Так вот оно что! Сам отец стал в тупик, в тупик стало государство, государственный отец! Бывает, значит, что и он, важный государственный чиновник с правом на пенсию, не знает, как ему быть дальше… Ожидание бесспорной победы веселило меня, обида и горечь против отца улеглись, смягченные близостью благоприятной развязки. Я намеренно оттягивал ее и еще некоторое время гонял взад и вперед по доске его беззащитного короля.
Дверь в гостиную была открыта. Портрет матери на мольберте мог тоже участвовать в игре. Отец сидел у стала неподвижно, точно стеклянный.
— Да не тяни, хватит тебе! — взмолился он наконец, и тогда, захватив кончиками пальцев слона, я двинул его наискосок и мягко остановил на одной из черных клеток.
— Мат!..
— Теперь мне многое понятно! — сказала мама, входя за мной в мою комнату. — И та давнишняя история с топором… Так давно это было, ты спокойно мог бы мне во всем признаться.
— История с топором? Право же, мама, я ровно ничего не помню!
— Разве не ты положил или, вернее, оставил однажды топор у дверей спальни? Тебе тогда едва минуло шесть лет…
Я действительно позабыл эту давнишнюю историю с топором. А случилось вот что: как-то ночью отец неожиданно вернулся из Берлина, и мне пришлось освободить его кровать, которая стояла рядом с маминой и на которой мне разрешалось спать в его отсутствие. Я на цыпочках пробрался в кухню, чтобы достать топор. Он был такой тяжелый, что, даже обхватив его обеими ручонками, я едва мог поднять его. Но что я собирался делать с топором под дверью родительской спальни?! Заглянув в замочную скважину, я увидел, что отец склонился над матерью, точно собирался задушить ее, мать же в неверном мерцании свечи улыбалась, улыбалась. А на груди у мамы, прогнавшей меня с кровати и взявшей к себе отца, узкой преградой лежала ее обнаженная белая рука. Она, и только она, эта рука, заставила меня отступить. Ведь эту руку мне пришлось бы прежде всего убрать. Неожиданно до меня донеслось похрапывание Христины, я забыл о топоре и обратился в бегство… Всю ночь топор пролежал в коридоре у порога спальни… И письма отца к маме, которые он писал тогда из Берлина, я перехватывал; я подкарауливал почтальона на улице, спрашивал: «Нет ли чего для Гастлей», и, если было письмо, рвал его на мелкие кусочки, целыми днями носил при себе обрывки, пока не выбрасывал их в мусорное ведро. И письма мамы к отцу, которые я вызывался опустить в почтовый ящик, я тоже рвал на мелкие кусочки, а позднее разыгралась эта история с топором… Отец учинил следствие, Христину заставили давать показания, отец подверг ее суровому допросу, были обследованы окна и двери, чтобы выяснить, не побывали ли у нас воры… И вот, спустя столько лет, мать спохватилась: «Теперь мне многое понятно!..»

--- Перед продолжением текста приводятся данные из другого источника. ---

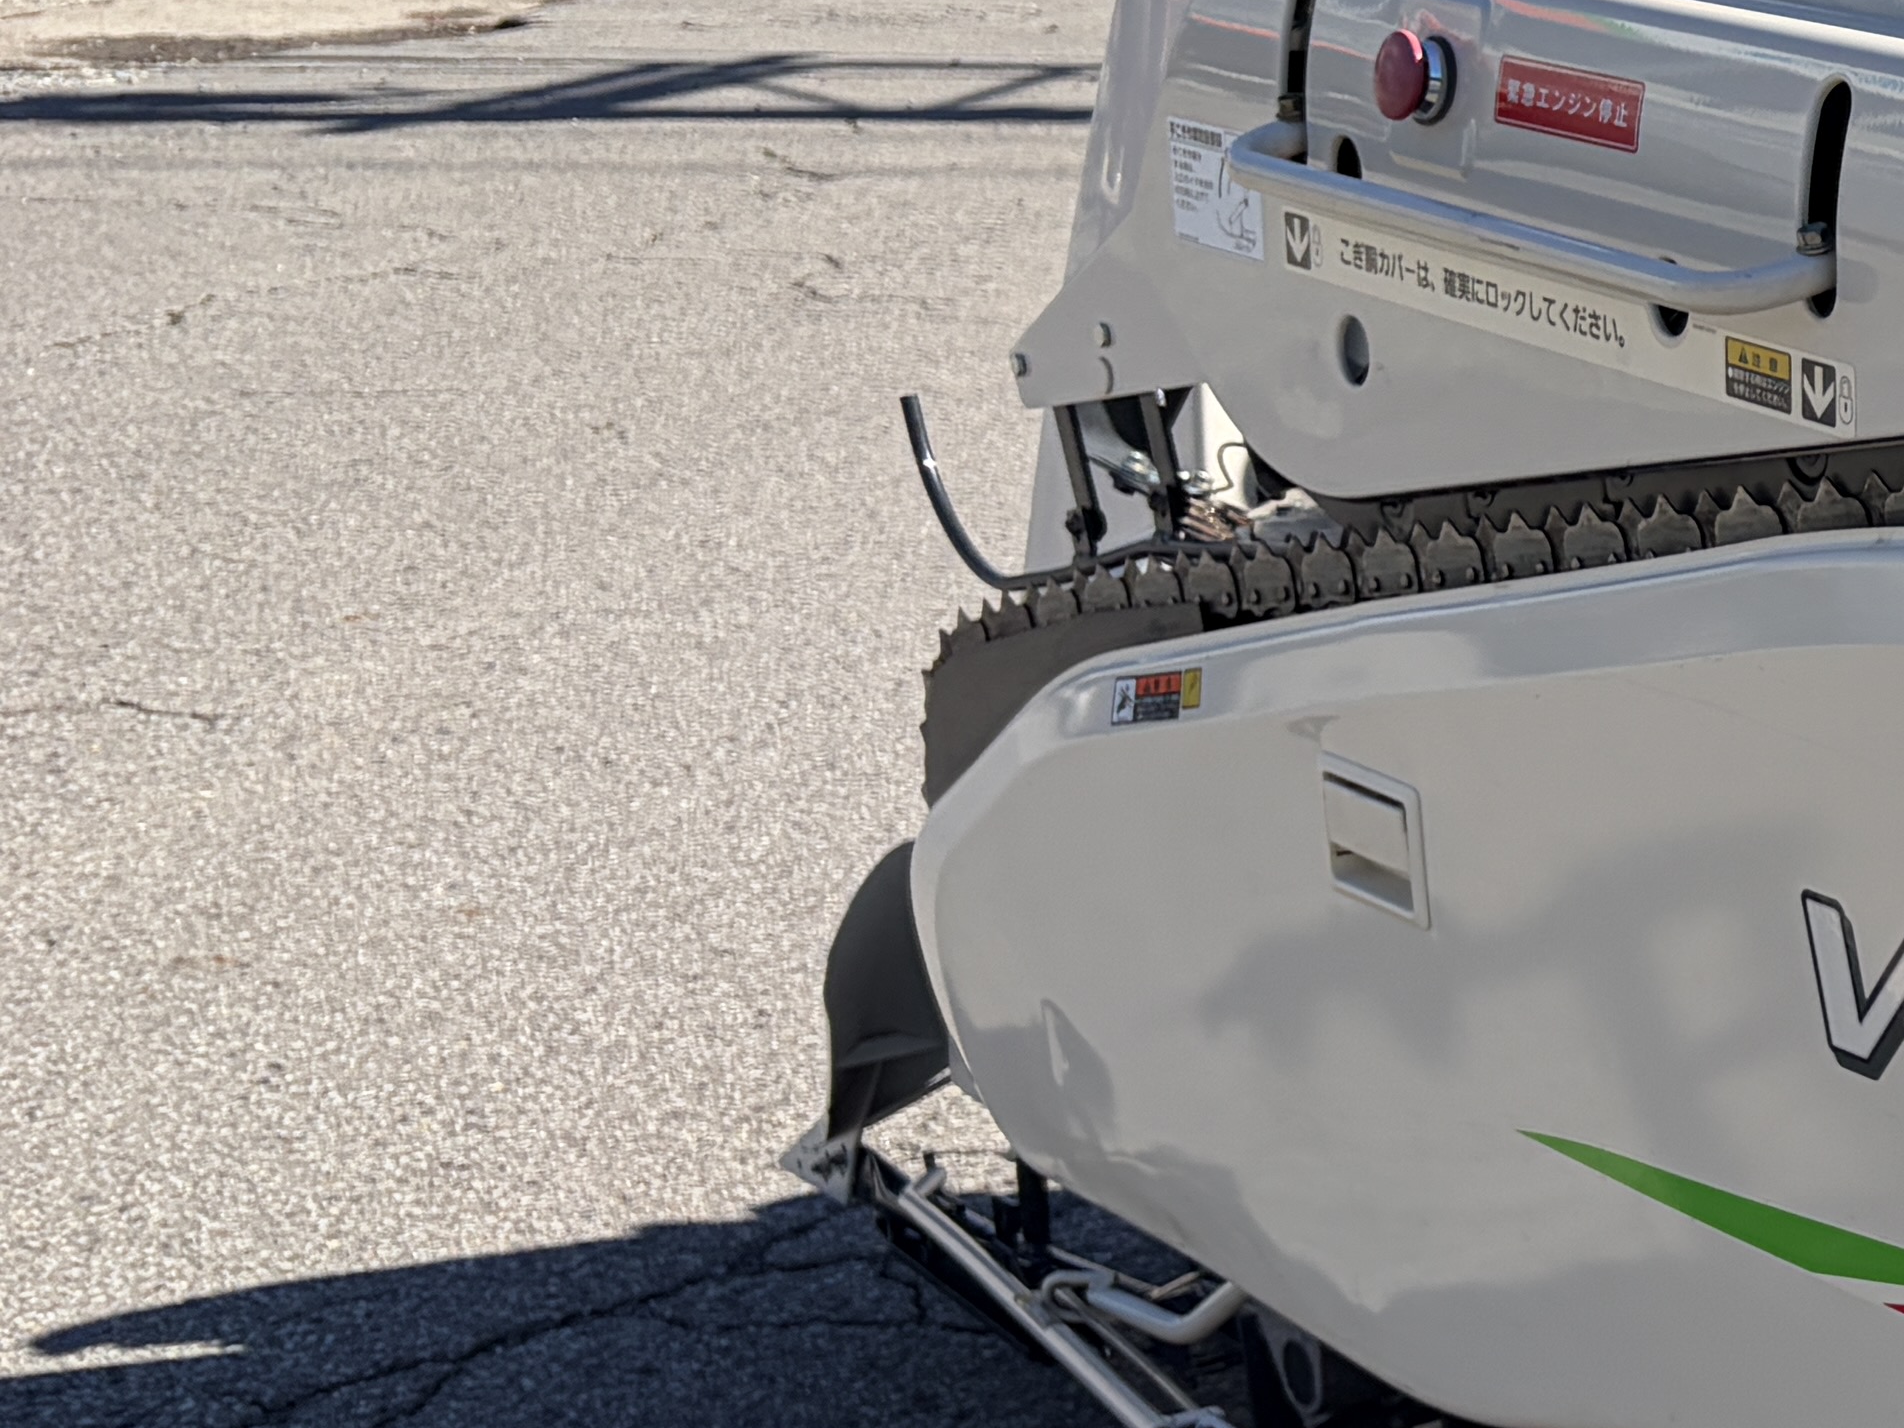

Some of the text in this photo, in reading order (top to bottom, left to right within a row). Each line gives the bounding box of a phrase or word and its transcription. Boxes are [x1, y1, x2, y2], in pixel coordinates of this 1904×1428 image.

[1507, 78, 1628, 128] 緊急エンジン停止
[1340, 238, 1625, 348] こぎ胴カバーは、確実にロックしてください。

— Нет, мама, я серьезно не знаю, о чем ты говоришь. Что это за история с топором?
— Ну, что ж, тем лучше, если не знаешь. Это я так. Мне что-то померещилось, когда вы играли в шахматы…
Мама обвила мою шею рукой.
Она улыбалась, стоя в полосе света.
XXXV
Бабушка умирала.
Она лежала в пышном облаке подушек. Лицо ее покраснело и вздулось, изо рта вырывалось горячее, прерывистое дыхание. На этом трудном пути она уже не могла присесть на скамеечку и отдохнуть, смерть не давала ей передышки; задыхаясь, бабушка уходила от нас все выше и выше, точно смерть была где-то очень высоко, откуда открывались широкие просторы.
Жужжала муха. И казалось, жужжание это исходит от бабушки.
Нелегко было сосредоточиться на мысли, что бабушка умирает, когда в комнате витала Аста Нильсен. С тех пор как я увидел Асту Нильсен в кинематографе на Дахауэрштрассе, она всегда витала передо мной. Мерцающий экран превратился в нездешний мир: покойная Дузель, успевшая стать взрослой, сидела за столом и, играя глазами, грациозно вкушала всевозможные райские яства. Выйдя из-за стола, она не касалась пола ногами, а парила в воздухе. Ее звали теперь Аста Нильсен. Не странно ли, что Фек, на мой вопрос: «Скажи, ты еще вспоминаешь когда-нибудь о Дузель?» — ответил: «Да, когда я смотрю на Асту Нильсен, я невольно вспоминаю Дузель».
Аста Нильсен парила здесь, и это делало смерть легкой, в ее присутствии смерть становилась чем-то вроде воспарения.
Старомодный шкафчик стоял в углу, теперь уже безопасный, запертый, утративший свою притягательную силу. Вся комната готовилась к смерти бабушки: ждали соломенные плетеные стулья, уставившись на бабушку множеством испуганных любопытных глазков, и спинки их так тянулись вверх, что даже похудели; ждал стол, заваленный салфетками, заставленный всякими мисочками и пузырьками из-под лекарств; ждала лампа, уныло и боязливо мигая.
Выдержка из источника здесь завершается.